Before you write out the listing, remove the pictures; everything else stays exactly as it is.

▶ **Records for this task**:
┌──
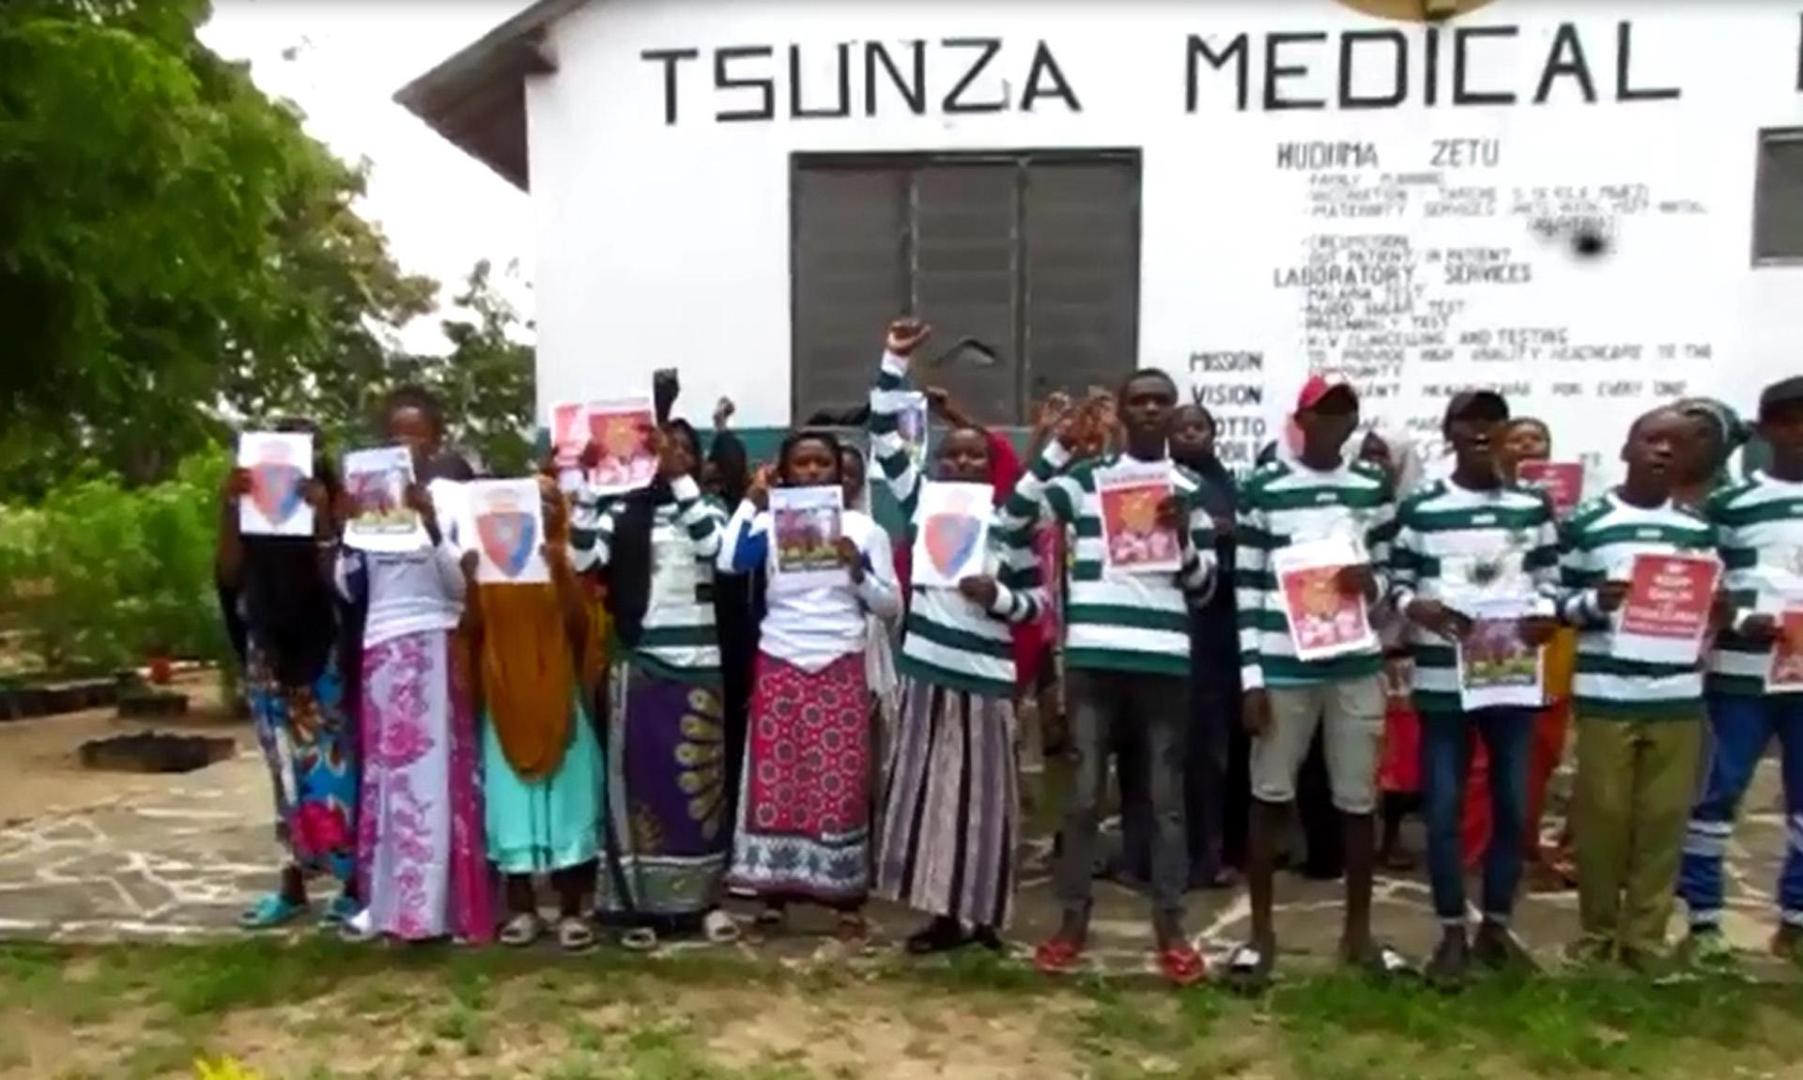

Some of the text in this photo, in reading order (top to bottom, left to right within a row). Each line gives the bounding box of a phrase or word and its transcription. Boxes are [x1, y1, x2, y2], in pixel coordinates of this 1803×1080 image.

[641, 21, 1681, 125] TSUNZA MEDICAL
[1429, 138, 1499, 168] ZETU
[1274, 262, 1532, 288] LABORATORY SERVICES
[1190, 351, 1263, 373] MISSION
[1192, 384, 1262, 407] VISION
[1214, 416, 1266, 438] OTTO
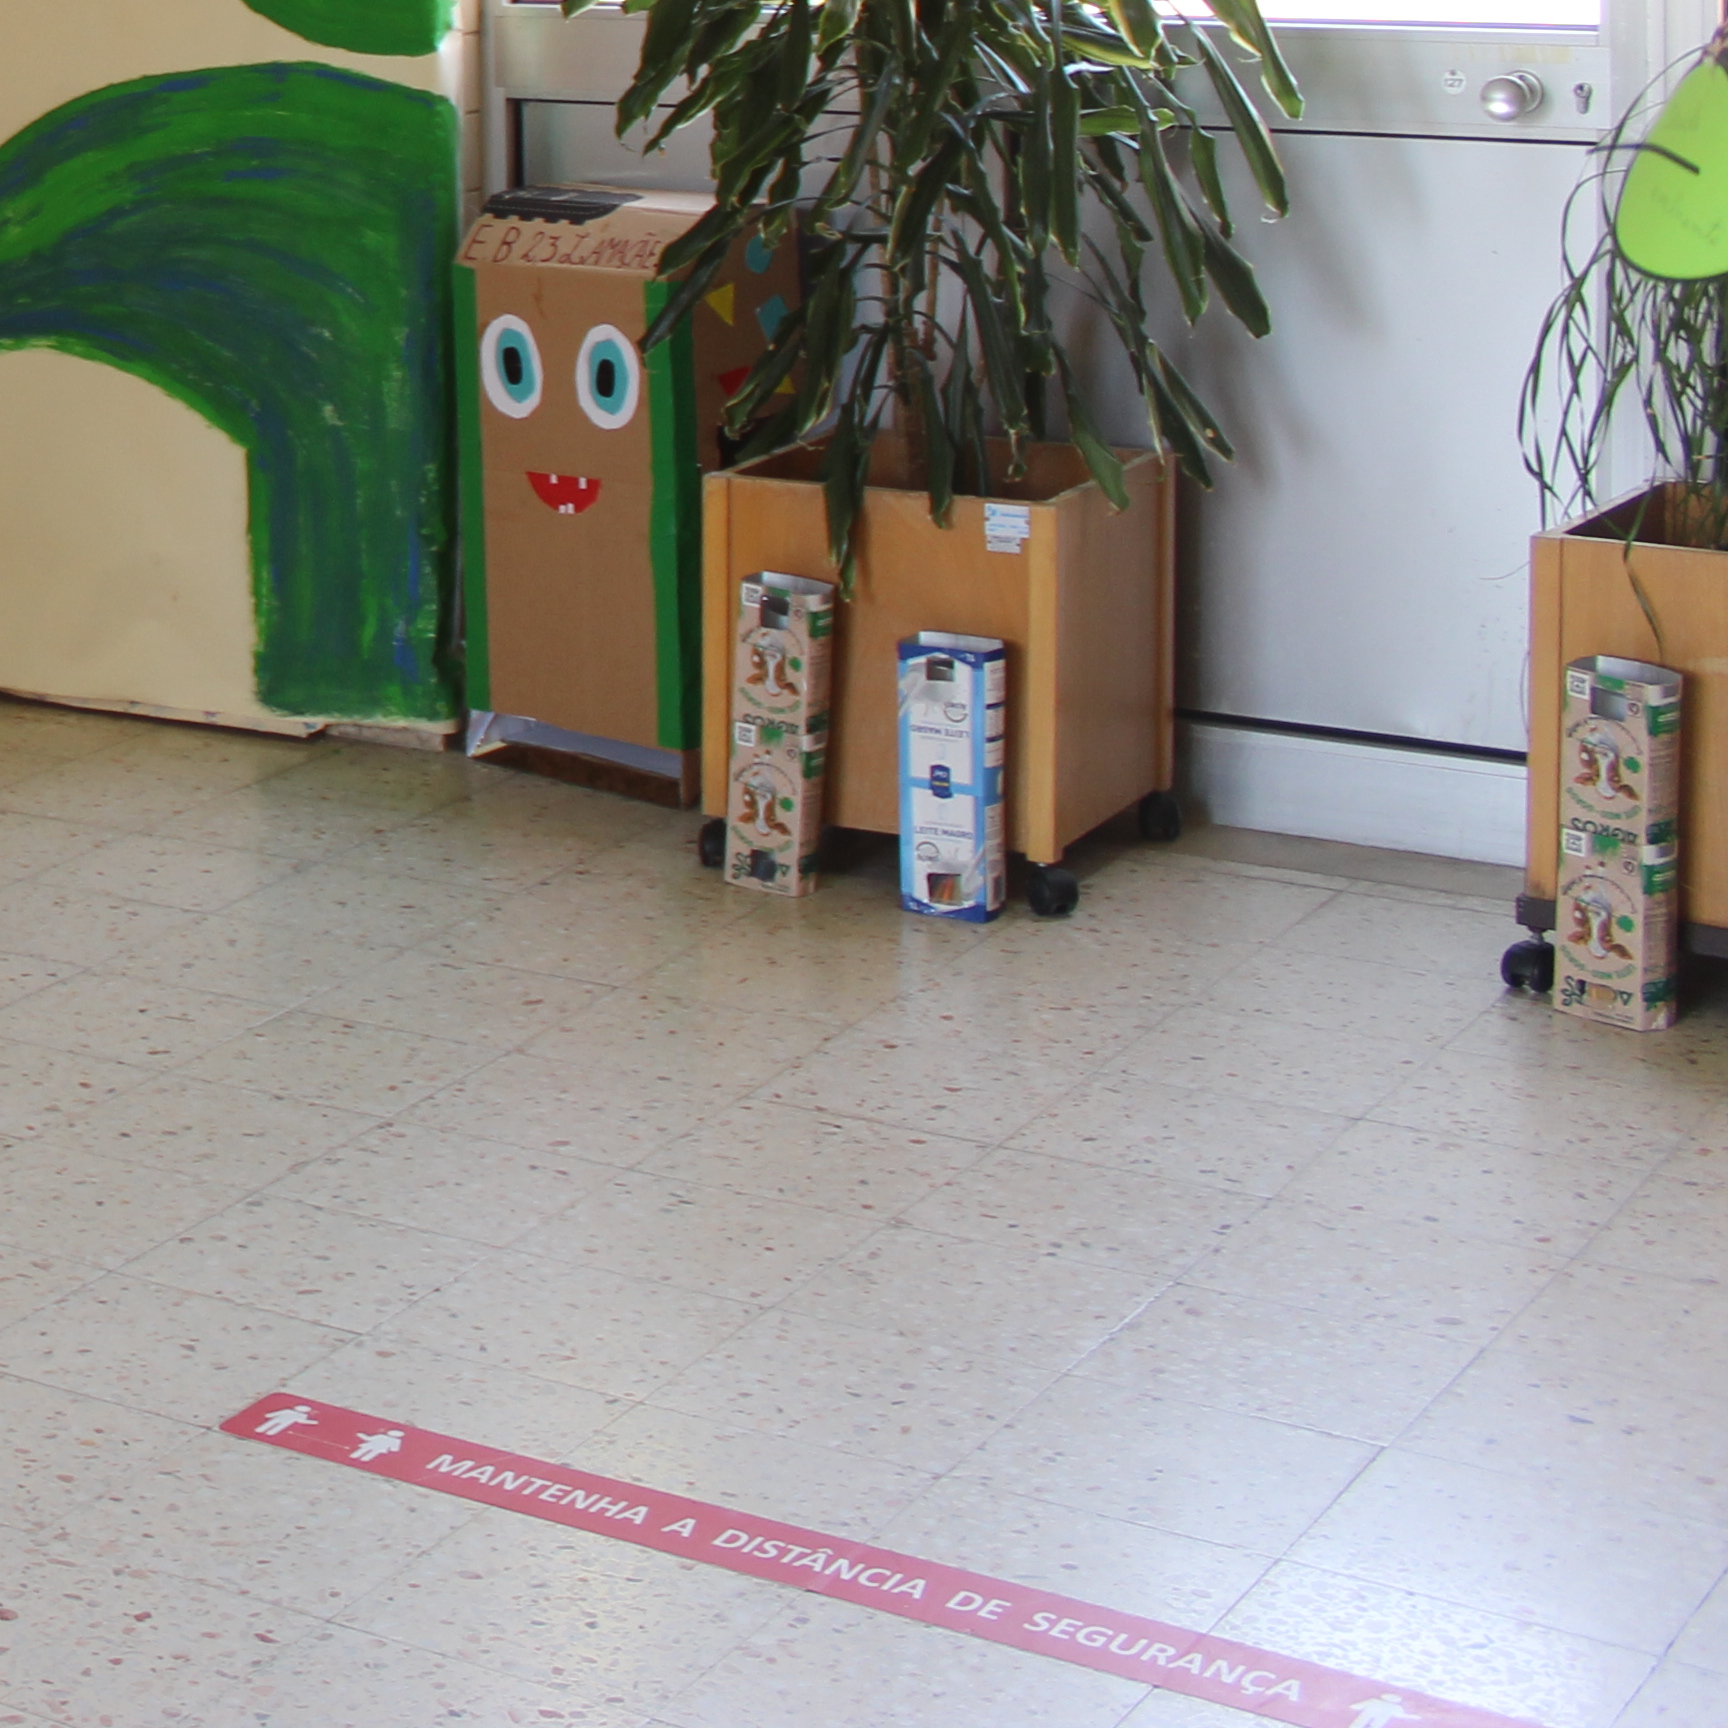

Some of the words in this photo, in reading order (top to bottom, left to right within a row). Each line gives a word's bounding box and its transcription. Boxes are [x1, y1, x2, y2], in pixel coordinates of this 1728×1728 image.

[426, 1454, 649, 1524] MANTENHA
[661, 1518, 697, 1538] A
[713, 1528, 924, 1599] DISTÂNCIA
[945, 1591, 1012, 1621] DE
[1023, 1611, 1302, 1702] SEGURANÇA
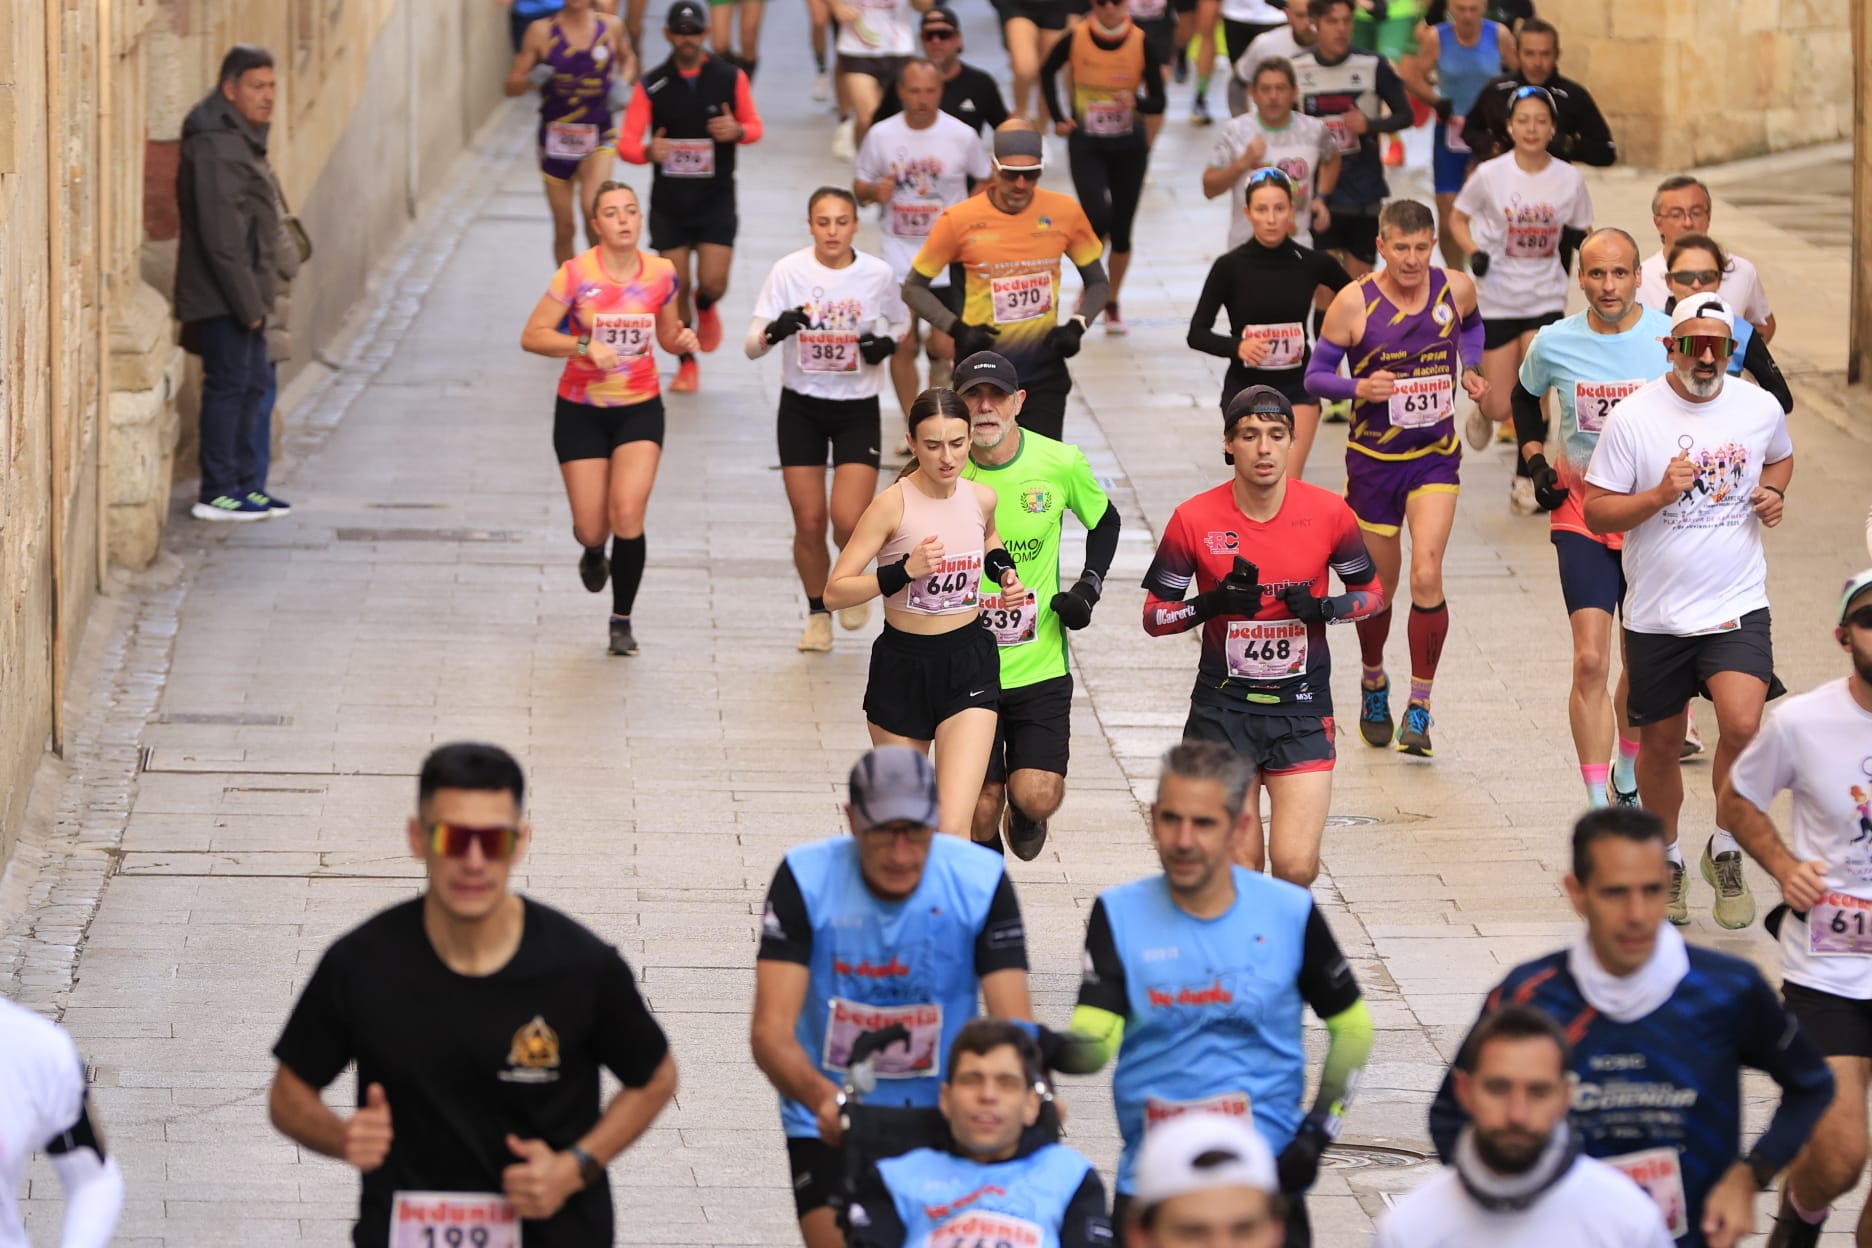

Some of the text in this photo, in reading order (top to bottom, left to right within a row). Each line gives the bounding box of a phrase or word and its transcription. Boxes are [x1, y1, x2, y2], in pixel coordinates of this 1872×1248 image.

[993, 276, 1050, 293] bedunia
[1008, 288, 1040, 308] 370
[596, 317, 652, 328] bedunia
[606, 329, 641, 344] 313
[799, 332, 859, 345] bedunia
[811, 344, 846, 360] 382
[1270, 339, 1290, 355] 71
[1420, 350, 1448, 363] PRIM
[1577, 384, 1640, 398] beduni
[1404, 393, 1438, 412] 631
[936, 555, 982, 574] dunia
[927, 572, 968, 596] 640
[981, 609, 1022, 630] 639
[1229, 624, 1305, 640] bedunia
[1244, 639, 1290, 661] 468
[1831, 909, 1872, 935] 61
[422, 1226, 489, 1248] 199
└──
▶ **Solution to this problem**:
Some of the text in this photo, in reading order (top to bottom, left to right within a row). Each line gives the bounding box of a phrase or word and its transcription. Boxes are [x1, y1, x2, y2], in pixel coordinates of this 1803×1080 image.

[641, 21, 1681, 125] TSUNZA MEDICAL
[1429, 138, 1499, 168] ZETU
[1274, 262, 1532, 288] LABORATORY SERVICES
[1190, 351, 1263, 373] MISSION
[1192, 384, 1262, 407] VISION
[1214, 416, 1266, 438] OTTO

Some of the words in this photo, in reading order (top to bottom, left to right within a row). Each line gives a word's bounding box and its transcription. Boxes are [x1, y1, x2, y2], in pixel coordinates of this 1728×1728 image.

[426, 1454, 649, 1524] MANTENHA
[661, 1518, 697, 1538] A
[713, 1528, 924, 1599] DISTÂNCIA
[945, 1591, 1012, 1621] DE
[1023, 1611, 1302, 1702] SEGURANÇA

Some of the text in this photo, in reading order (top to bottom, left to right within a row). Each line gives the bounding box of a phrase or word and its transcription. Boxes are [x1, y1, x2, y2], in pixel coordinates of this 1872×1248 image.

[993, 276, 1050, 293] bedunia
[1008, 288, 1040, 308] 370
[596, 317, 652, 328] bedunia
[606, 329, 641, 344] 313
[799, 332, 859, 345] bedunia
[811, 344, 846, 360] 382
[1270, 339, 1290, 355] 71
[1420, 350, 1448, 363] PRIM
[1577, 384, 1640, 398] beduni
[1404, 393, 1438, 412] 631
[936, 555, 982, 574] dunia
[927, 572, 968, 596] 640
[981, 609, 1022, 630] 639
[1229, 624, 1305, 640] bedunia
[1244, 639, 1290, 661] 468
[1831, 909, 1872, 935] 61
[422, 1226, 489, 1248] 199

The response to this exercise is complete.